Взвывает дрель – Дарреллу в ключицах сверлят дырочки. Громко. Рокси слегка уплывает – время есть, времени нет, часы на стене что-то слишком торопятся, Рокси чувствует все тело, едрен батон, ее даже не раздели, ну вот кто так делает, однако это хорошо, это полезно. Когда дрель взвывает снова, Рокси выворачивает правую руку из мягких ремней.
Приоткрыв один глаз, осматривается. Давай-давай, помедленней. Левая рука свободна, по-прежнему никто ничего не замечает, все нависли над ее братцем. Левая нога. Правая нога. Рядом поднос, и Рокси цапает пару скальпелей и бинты.
На соседнем столе какой-то кризис. Бибикает аппаратура. Пасма сама собой бьет током. Умница, думает Рокси, умница, девочка моя. Один хирург падает, другой матерится по-русски и бросается делать первому непрямой массаж сердца. Открыв оба глаза, Рокси прикидывает расстояние до двери. Хирурги орут и требуют лекарств. На Рокси никто не смотрит, она всем до фонаря. Хоть бы и подохла сейчас – им плевать. Может, она и подыхает, по ощущениям похоже. Но она не подохнет здесь. Рокси сбрасывается вбок со стола, жестко приземляется на коленки, на корточки – этим всем хоть бы хны. Она задом отползает к двери, припадая к полу, не отводя от них взгляда.
У двери находит свои ботинки, натягивает, тихонько всхлипнув от облегчения. Вываливается за дверь. Под коленками свело, от адреналина все тело звенит. Машины во дворе нет. Прихрамывая, Рокси убегает в лес.
Тунде
У парня полный рот стекла.
Глотку пронзает тонкий, острый, прозрачный осколок, блестит слюной и слизью, и друг этого парня дрожащей рукой пытается вынуть стекло.

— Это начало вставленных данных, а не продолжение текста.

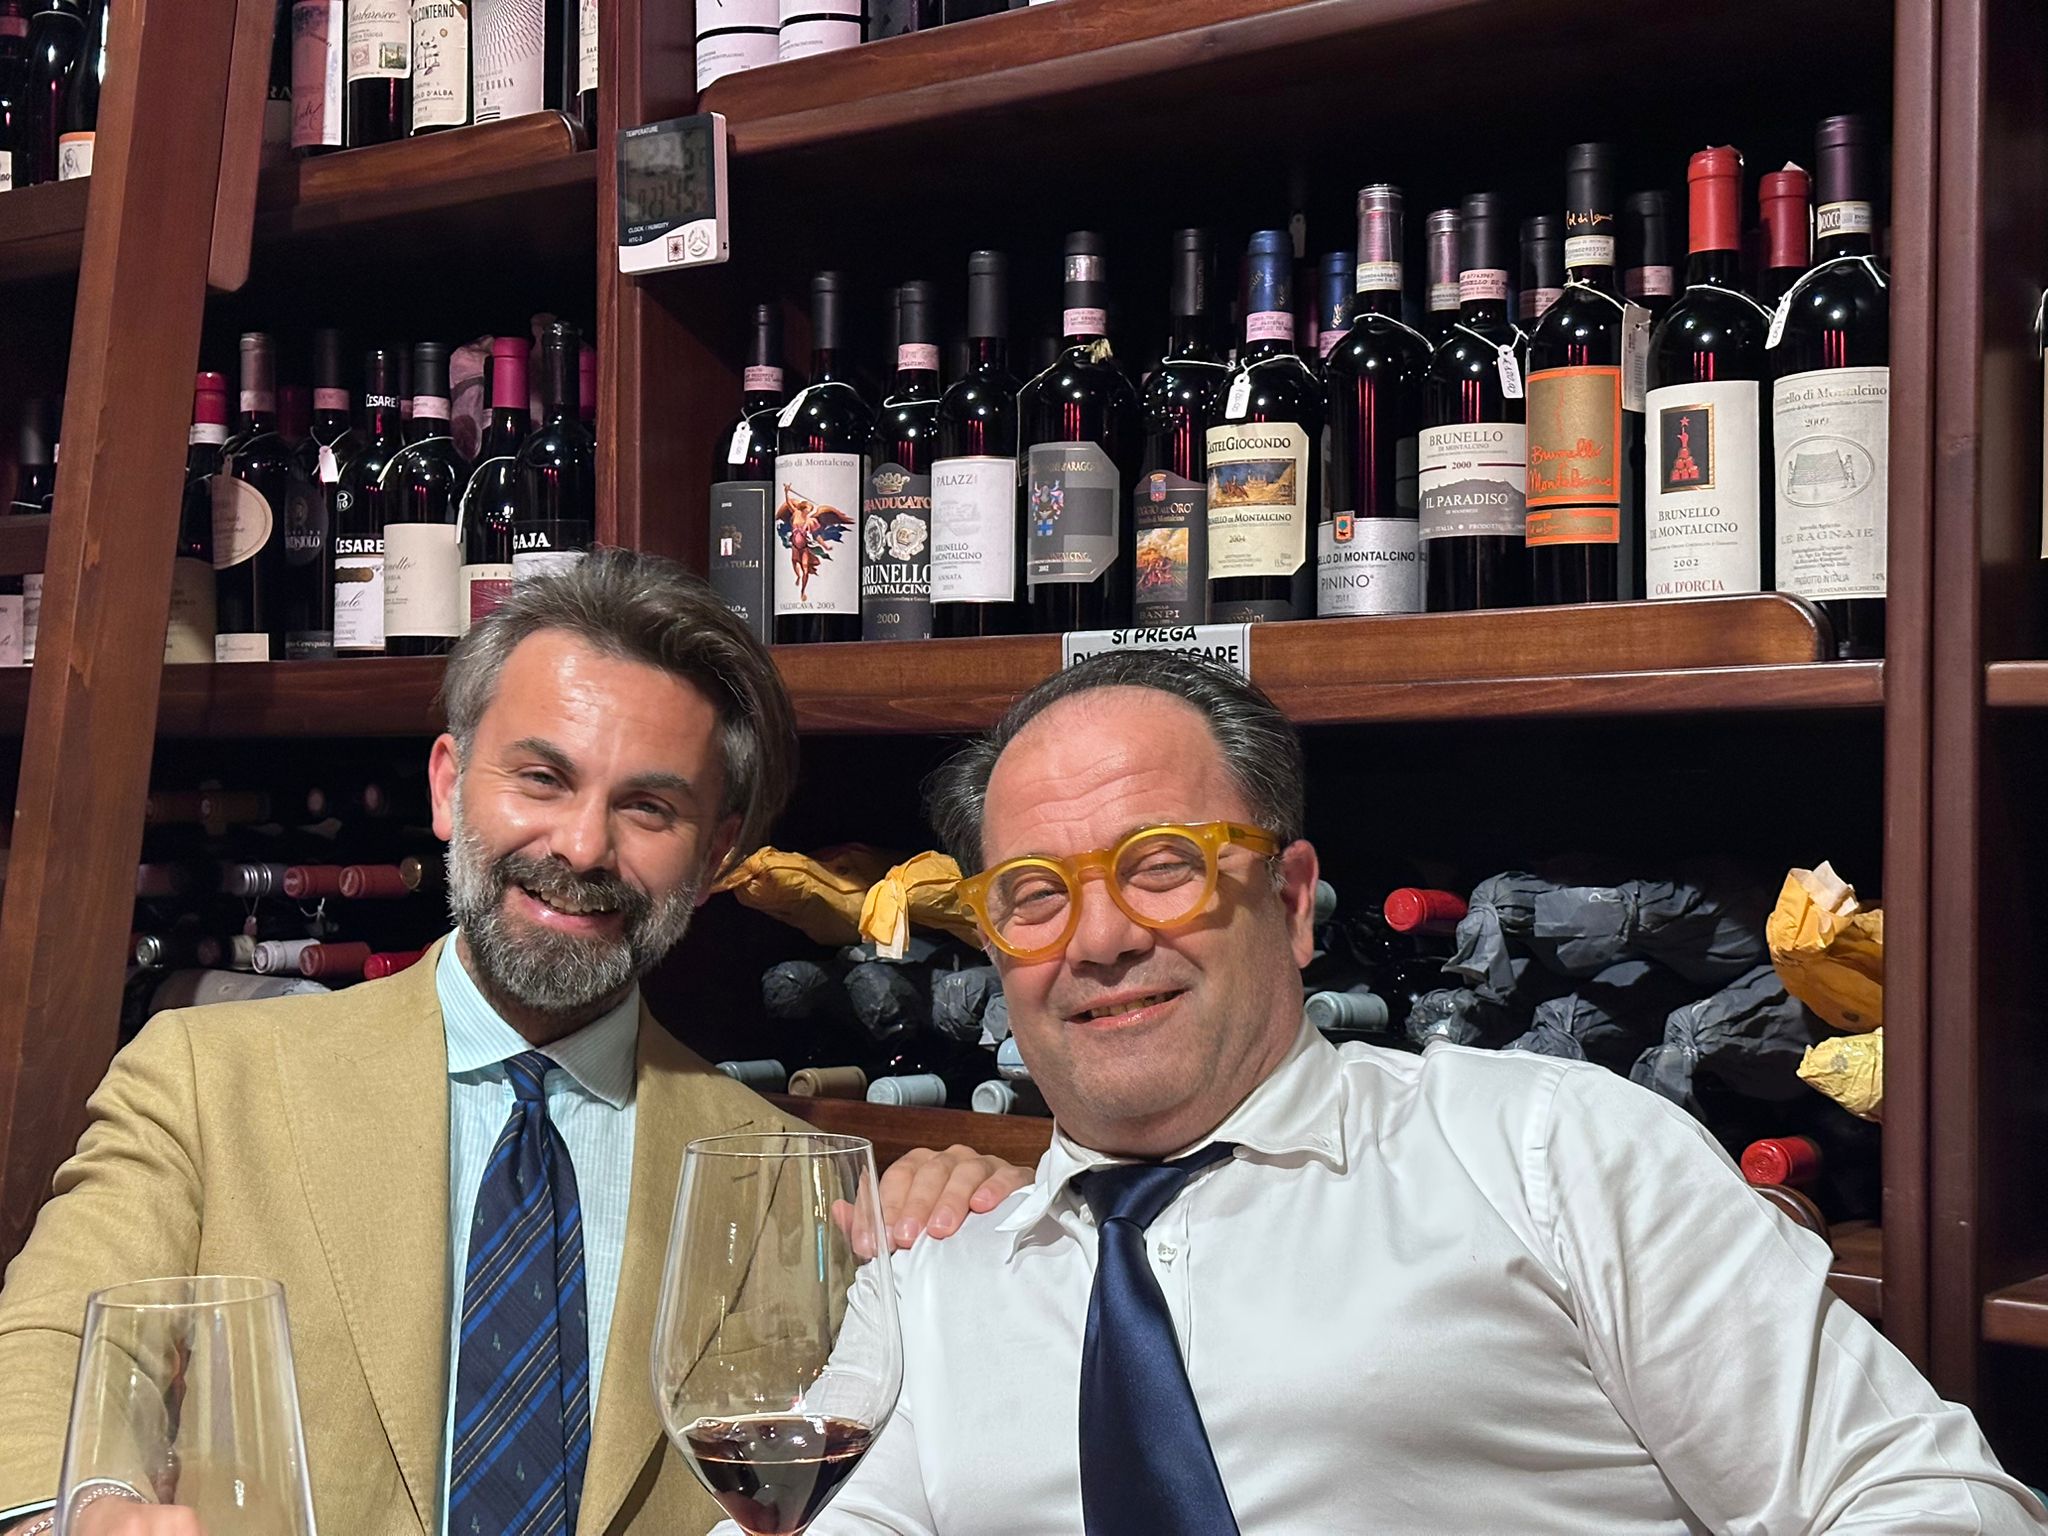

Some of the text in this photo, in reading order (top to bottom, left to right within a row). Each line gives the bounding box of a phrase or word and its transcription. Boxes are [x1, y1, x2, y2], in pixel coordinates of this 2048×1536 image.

[418, 4, 455, 21] CONTERNO
[626, 125, 659, 138] TEMPERATURE
[628, 226, 644, 234] CLOCK
[366, 393, 396, 408] CESARE
[1803, 389, 1814, 400] di
[1430, 430, 1503, 447] BRUNELLO
[1445, 443, 1489, 452] MONTALCINO
[805, 458, 855, 468] Montalcino
[1452, 461, 1472, 470] 2000
[864, 496, 932, 512] RANDUCATO
[1425, 493, 1508, 510] IL PARADISO
[1235, 513, 1292, 523] MONTALCINO
[1658, 506, 1721, 521] BRUNELLO
[1658, 522, 1738, 538] MONTALCINO
[1796, 528, 1874, 543] RAGNAIE
[335, 537, 384, 554] CESARE
[512, 532, 551, 550] GAJA
[935, 543, 969, 552] BRUNELLO
[935, 551, 982, 561] MONTALCINO
[1333, 553, 1342, 564] DI
[1344, 551, 1416, 562] MONTALCINO
[1673, 559, 1699, 569] 2002
[1321, 574, 1370, 591] PININO
[1655, 580, 1725, 596] COL D'ORCIA
[867, 584, 931, 596] MONTALCINO
[877, 613, 900, 625] 2000
[1112, 627, 1197, 645] SI PREGA

Видно плохо, он светит фонариком с телефона, лезет пальцами парню в рот, а тот давится и старается не шевелиться. Получается лишь с третьей попытки, и друг достает осколок двумя пальцами. Два дюйма. На осколке кровь и мясо – кусок глотки на конце. Друг откладывает стекло на чистую белую салфетку. Другие официанты, шеф-повар и дневальные хлопочут как ни в чем не бывало. Тунде фотографирует восемь осколков на салфетке.

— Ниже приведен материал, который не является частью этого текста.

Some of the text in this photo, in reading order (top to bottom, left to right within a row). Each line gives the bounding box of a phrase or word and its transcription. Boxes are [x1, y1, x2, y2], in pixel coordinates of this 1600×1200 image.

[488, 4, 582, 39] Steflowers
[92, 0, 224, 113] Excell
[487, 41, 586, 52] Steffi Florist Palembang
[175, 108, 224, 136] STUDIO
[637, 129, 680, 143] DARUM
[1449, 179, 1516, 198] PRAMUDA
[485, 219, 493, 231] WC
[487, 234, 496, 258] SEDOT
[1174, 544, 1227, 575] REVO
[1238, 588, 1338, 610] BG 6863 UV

Непотребство на приеме он тоже снимал – камеру держал низко, у бедра, будто просто на руке болтается. Официанту всего семнадцать. Он такое уже видел, слышал, но самому досталось впервые. Нет, идти ему некуда. У него родня в Украине, примут, если он сбежит, но при переходе границы могут и пристрелить – времена-то нервные. Он все это рассказывает, утирая кровь с губ.
Произносит тихо:
– Виноват я, нельзя говорить, когда президентка говорит.
Он уже всхлипывает – от шока, от стыда, от страха, от унижения, от боли. Знакомые чувства, Тунде знает их с того самого дня, когда к нему прикоснулась Энума.
В заметках для книги он пишет: “Поначалу мы не говорили о своей боли, потому что это не по-мужски. А теперь не говорим, потому что нам страшно, и стыдно, и одиноко, и надежды нет, каждый из нас одинок. Не поймешь, когда первое обернулось вторым”.
Официант, которого зовут Петр, что-то царапает на бумажке. Сует ее в руку Тунде, сжимает ему кулак. Долго глядит Тунде в глаза – вот-вот поцелует, что ли. И Тунде ему позволит: всем этим людям нужно утешение.
Официант говорит:
– Не уходите.
Тунде отвечает:
– Я останусь, сколько вам нужно. Если хотите – пока не закончится праздник.
Петр говорит:
– Нет. Не бросайте нас. Она будет выгонять журналистов из страны. Прошу вас.
Тунде спрашивает:
– Что вы слышали?
Но Петр твердит одно:
– Прошу вас. Не уходите. Прошу вас.
– Я не уйду, – говорит Тунде. – Я не уйду.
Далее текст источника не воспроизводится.